Keras trains the model with model.fit_generator (to save memory)
preface
For example, if we have 20000 samples and the dimensions of the input images are 224x224x3 and float32 is used, then if we load all the data into memory at one time, The total memory required is 20000x224x224x3x32bit/8=11.2GB, so it would require a lot of memory to load the entire dataset at once.
If we directly use Keras fit function to train the model, we need to pass in all the training data, but fortunately fit_generator is provided, which can read the data in batches, saving our memory. The only thing we need to do is to implement a generator.
1. Introduction to fit_generator function
fit_generator(generator,
steps_per_epoch=None,
epochs=1,
verbose=1,
callbacks=None,
validation_data=None,
validation_steps=None,
class_weight=None,
max_queue_size=10,
workers=1,
use_multiprocessing=False,
shuffle=True,
initial_epoch=0)
Copy the code
Parameters:
Generator: A generator, or an instance of a Sequence (keras.utils.sequence) object. This is the focus of our implementation, and we’ll see how generators and sequence can be implemented later.
Steps_per_epoch: This is how many times we need to execute generators in each epoch to produce data. Fit_generator function does not have the parameter batCH_size, but is implemented by steps_per_EPOCH. Each batch of data is produced. Therefore, the value of STEps_per_EPOCH will be set to (sample size /batch_size). If our generator is of sequence type, this parameter is optional and len(Generator) is used by default.
Epochs: the number of iterations we trained.
Verbose: 0, 1, or 2. Log display mode. 0 = Quiet mode, 1 = progress bar, 2 = one line per round
Callbacks: A series of callback functions called during training.
Validation_data: Similar to our generator, only this is used for validation, not training.
Validation_steps: Similar to the previous Steps_per_EPOCH.
Class_weight: Optional dictionary that maps class indexes (integers) to weighted (floating point) values for weighted loss functions (only during training).
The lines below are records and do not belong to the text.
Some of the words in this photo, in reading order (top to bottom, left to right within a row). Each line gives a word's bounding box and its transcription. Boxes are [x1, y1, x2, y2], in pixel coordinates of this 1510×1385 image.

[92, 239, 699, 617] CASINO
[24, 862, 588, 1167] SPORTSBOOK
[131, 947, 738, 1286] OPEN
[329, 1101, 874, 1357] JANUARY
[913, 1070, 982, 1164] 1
This can be used to tell the model to “pay more attention” to samples from underrepresented classes. (Feel this parameter is used less)
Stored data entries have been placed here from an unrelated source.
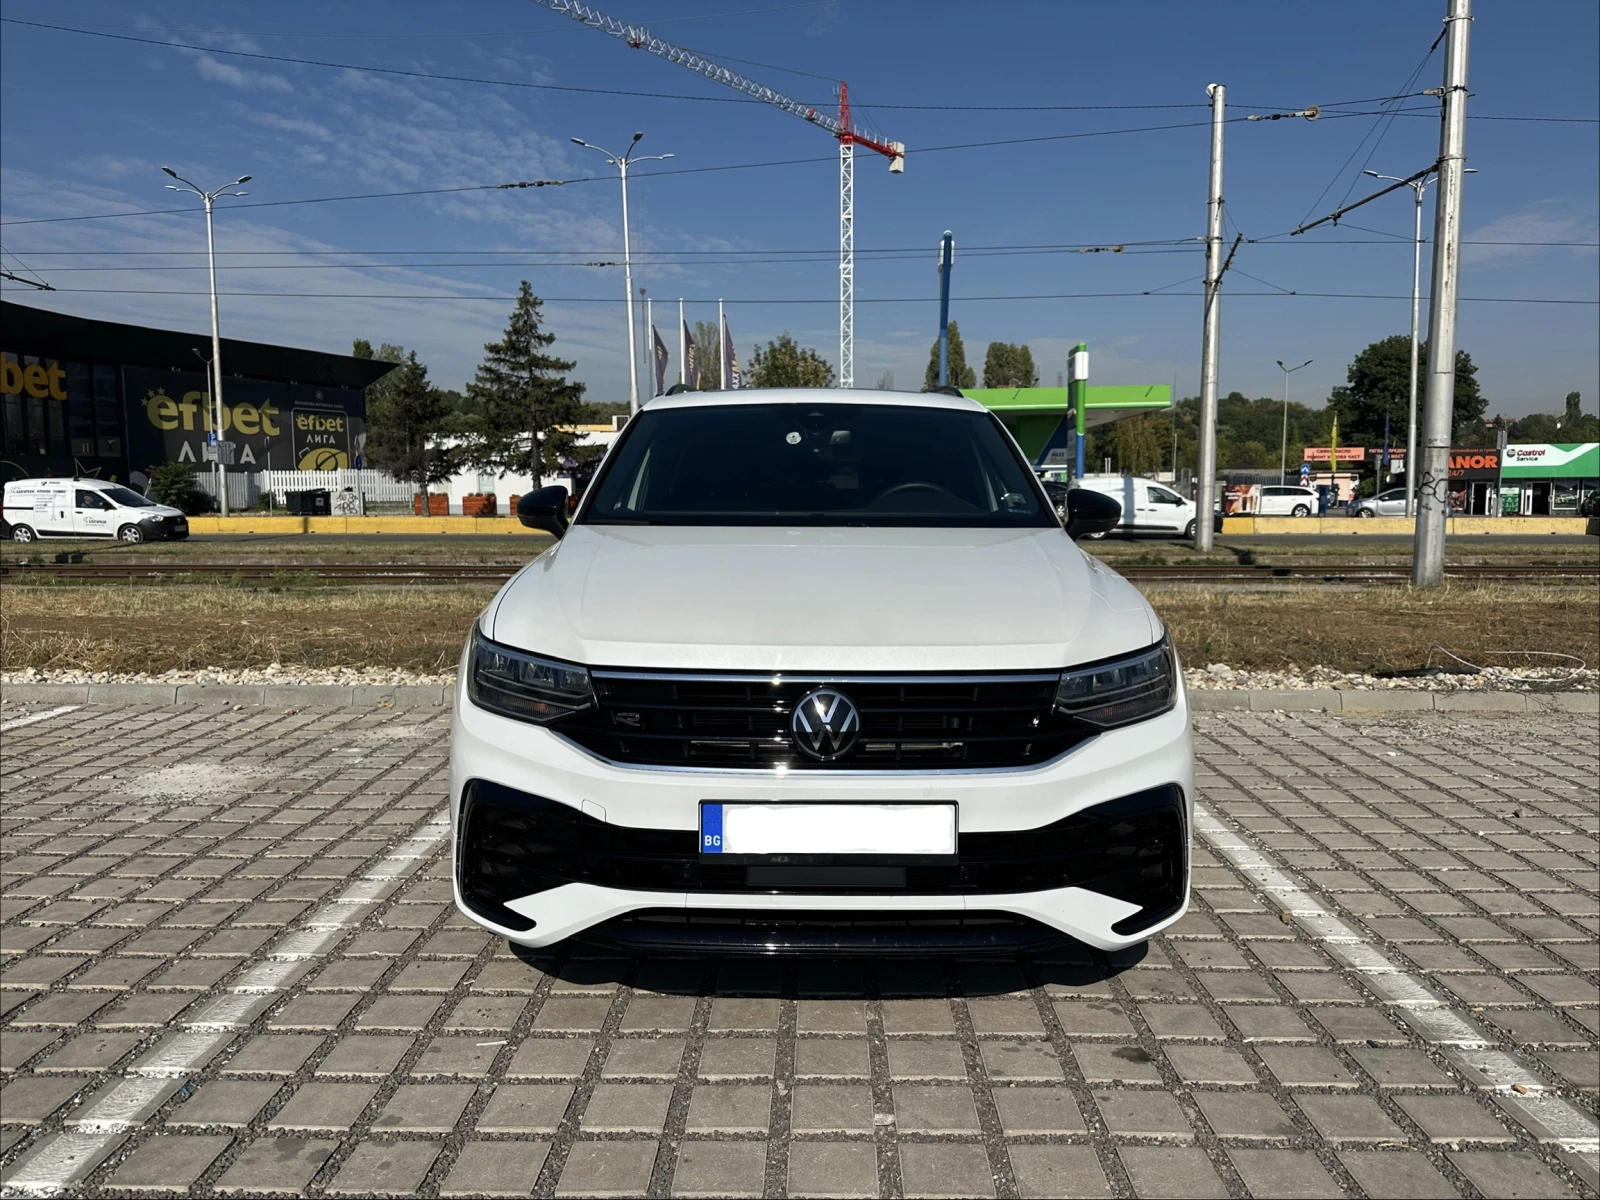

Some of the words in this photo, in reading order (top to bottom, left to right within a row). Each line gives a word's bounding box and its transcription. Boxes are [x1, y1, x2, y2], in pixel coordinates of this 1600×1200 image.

[147, 390, 280, 436] efbet
[296, 414, 344, 432] efbet
[306, 434, 336, 444] ЛИГА
[178, 441, 256, 464] ЛА
[1448, 455, 1498, 469] ANOR
[704, 835, 721, 846] BG
Max_queue_size: an integer. The maximum size of the generator queue. The default is 10.
Workers: integer. Maximum number of processes to use if using process-based multithreading. If not specified, workers will default to 1. If 0, the generator is executed on the main thread.
Use_multiprocessing: Boolean value. If True, process-based multithreading is used. The default is False.
Shuffle: Indicates whether to shuffle the batch order before each iteration. Can only be used with Sequence(keras.utils.sequence) instances.
Initial_epoch: Rotation to start training (to help recover from previous training)
2. The generator
2.1 Implementation of generator
Sample code:
from keras.models import Sequential
from keras.layers import Dense
import numpy as np
from PIL import Image
def process_x(path) :
img = Image.open(path)
img = img.resize((96.96))
img = img.convert('RGB')
img = np.array(img)
img = np.asarray(img, np.float32) / 255.0
Some data enhancement processing can also be carried out
return img
def generate_arrays_from_file(x_y) :
# x_y is our training set containing tags, the first of each line is our image path, followed by the image tag
global count
batch_size = 8
while 1:
batch_x = x_y[(count - 1) * batch_size:count * batch_size, 0]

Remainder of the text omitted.